Why Saudi Arabia and the UAE want to keep links with Israel
Are the Abraham accords over?
IT FEELS like an image from an alternate reality. Hundreds of bankers and executives will descend on Riyadh this week for the Future Investment Initiative, a flashy investment conference dubbed “Davos in the desert”. The money men will try to pretend it is business as usual but the Middle East is boiling.
The war between Israel and Hamas is threatening to trigger a broader conflict that draws in the Gulf states, whose booming economies are key to global oil and gas markets. On October 20th an American destroyer in the Red Sea intercepted cruise missiles that Iran-backed Houthi rebels in Yemen fired towards Israel. That day President Joe Biden said the goal of Hamas’s attack was to prevent a peace deal between Israel and Saudi Arabia. “I was about to sit down with the Saudis….the Saudis wanted to recognise Israel,” he said. The oil price, a barometer of regional escalation risk, has hit $92 per barrel.
Gulf states had hoped this would be a year of de-escalation in the region. They wanted calm to focus on ambitious plans to diversify their economies. Now the region’s oldest conflict has roared back to life. For one Gulf monarchy, Qatar, which has supported Hamas, the immediate goal is self-preservation. Saudi Arabia and the United Arab Emirates (UAE), however, want to weaken Hamas, forestall a wider confrontation with Iran and somehow keep alive their vision of an autocratic but more peaceful and prosperous region. It is a delicate and dangerous balancing act.

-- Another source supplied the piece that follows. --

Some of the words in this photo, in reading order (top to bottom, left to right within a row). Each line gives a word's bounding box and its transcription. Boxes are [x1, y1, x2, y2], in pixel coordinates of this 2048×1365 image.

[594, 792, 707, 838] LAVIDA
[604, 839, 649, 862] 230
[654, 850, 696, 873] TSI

Qatar looks vulnerable. It is both an American ally and a supporter of Hamas. Since October 7th, when Hamas militants murdered more than 1,400 people in Israel, those ties have become a source of embarrassment and nervousness. Some of Hamas’s leadership lives in Doha, the Qatari capital. The gas-rich emirate donates up to $30m a month to Hamas-run Gaza. For years Qatar has told allies that its ties with Hamas were a benefit: it could be an interlocutor between those groups and the West.

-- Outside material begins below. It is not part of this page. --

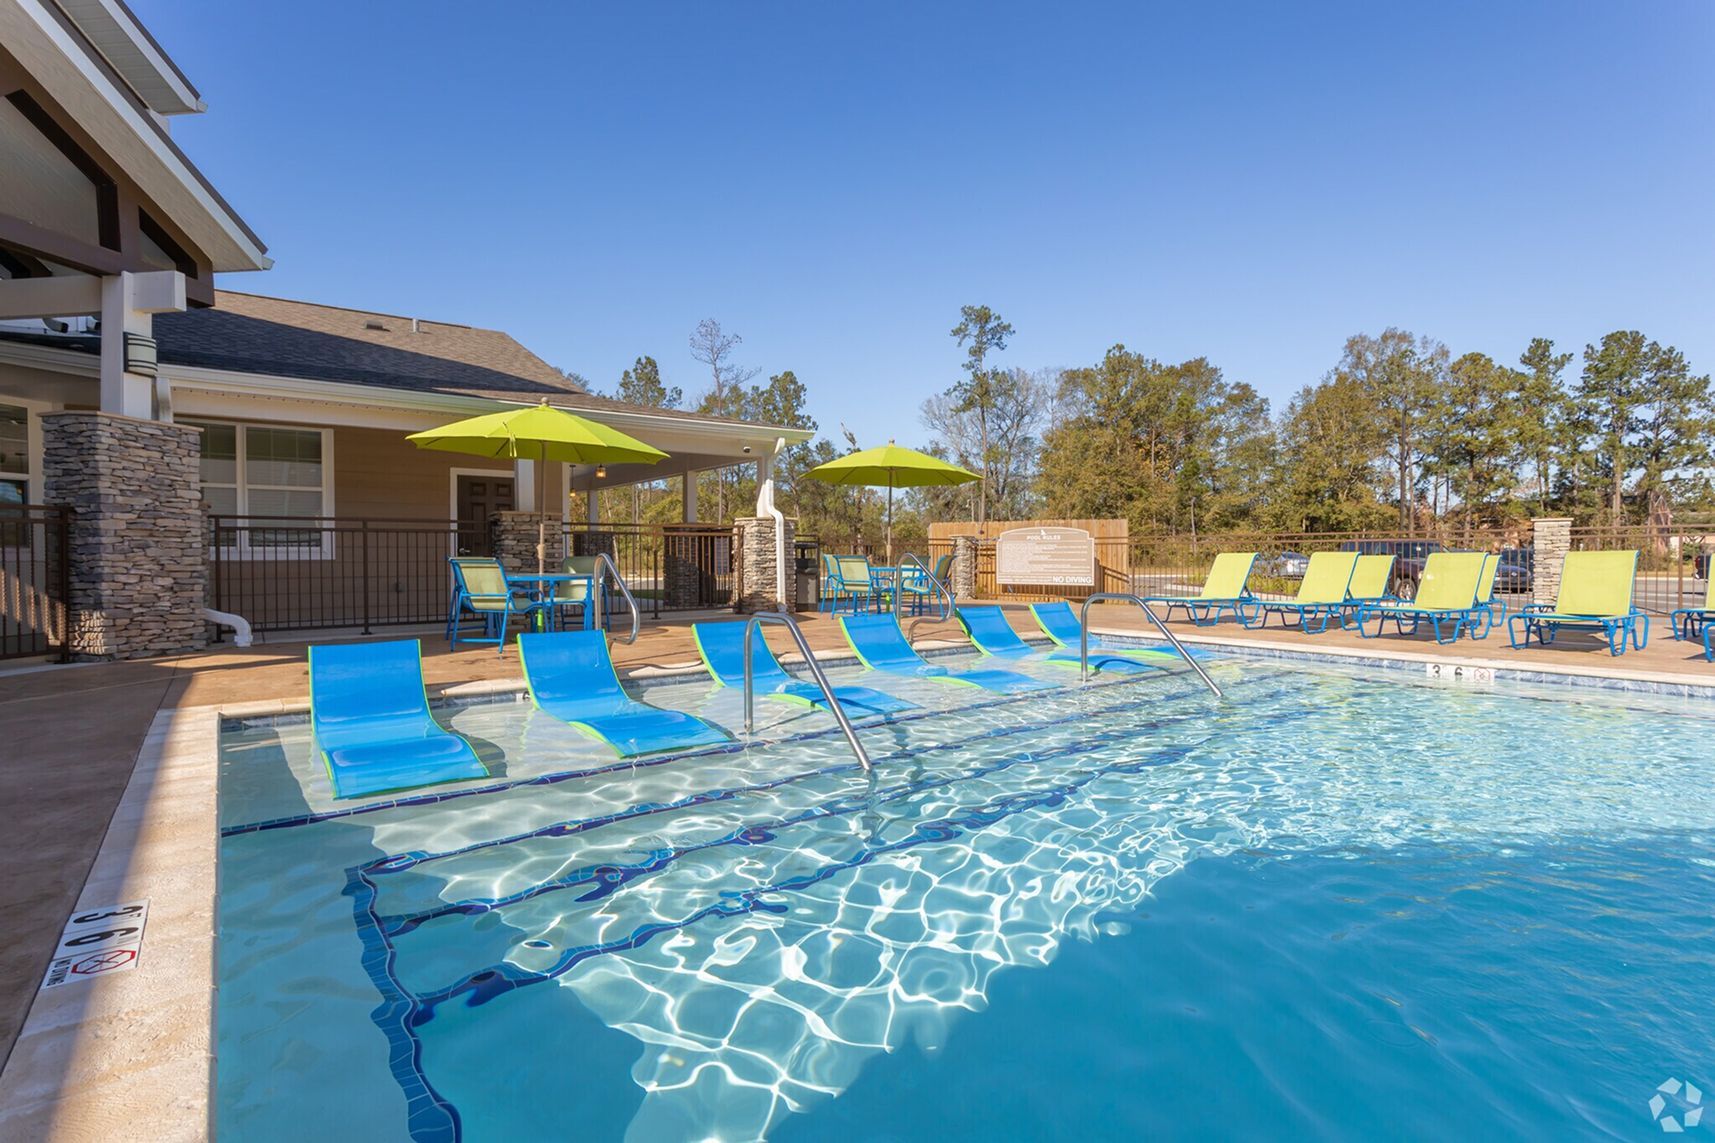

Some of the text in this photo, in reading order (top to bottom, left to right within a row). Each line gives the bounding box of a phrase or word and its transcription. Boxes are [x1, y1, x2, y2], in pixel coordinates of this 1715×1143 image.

For now Qatar is scrambling to show that it can still be useful to America. On October 20th Hamas freed two of the more than 200 hostages it seized during the rampage, both American-Israeli dual citizens, in a deal that Qatar helped broker. But there are also signs of denial and panic in the tiny, wealthy state. On October 14th, a Qatari diplomat contacted your correspondent to say that Ismail Haniyeh, the Hamas leader, was not in Doha but in Turkey. Hours later, Iran’s foreign minister held a televised meeting with Mr Haniyeh—in Doha. Qatar’s ties with Islamist groups were one reason why four Arab states imposed a travel-and-trade embargo on the tiny emirate in 2017. When the dust settles on this war, the country could come under greater American pressure to sever its links with militant groups.

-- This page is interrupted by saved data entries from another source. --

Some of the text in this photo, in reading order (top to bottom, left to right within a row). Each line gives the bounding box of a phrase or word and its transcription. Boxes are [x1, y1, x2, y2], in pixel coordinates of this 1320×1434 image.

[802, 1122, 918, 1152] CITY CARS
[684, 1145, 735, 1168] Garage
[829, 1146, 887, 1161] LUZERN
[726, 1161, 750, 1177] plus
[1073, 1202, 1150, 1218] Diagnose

The UAE, which in 2020 became the first Gulf state to recognise Israel, has taken a different stance. Unlike most of its neighbours, its initial statement on the October 7th attack was one of sympathy with Israel, and its leaders made multiple condolence calls to their Israeli counterparts. They loathe political Islam, which they see as a threat, and in private are scathing in their criticism of Hamas.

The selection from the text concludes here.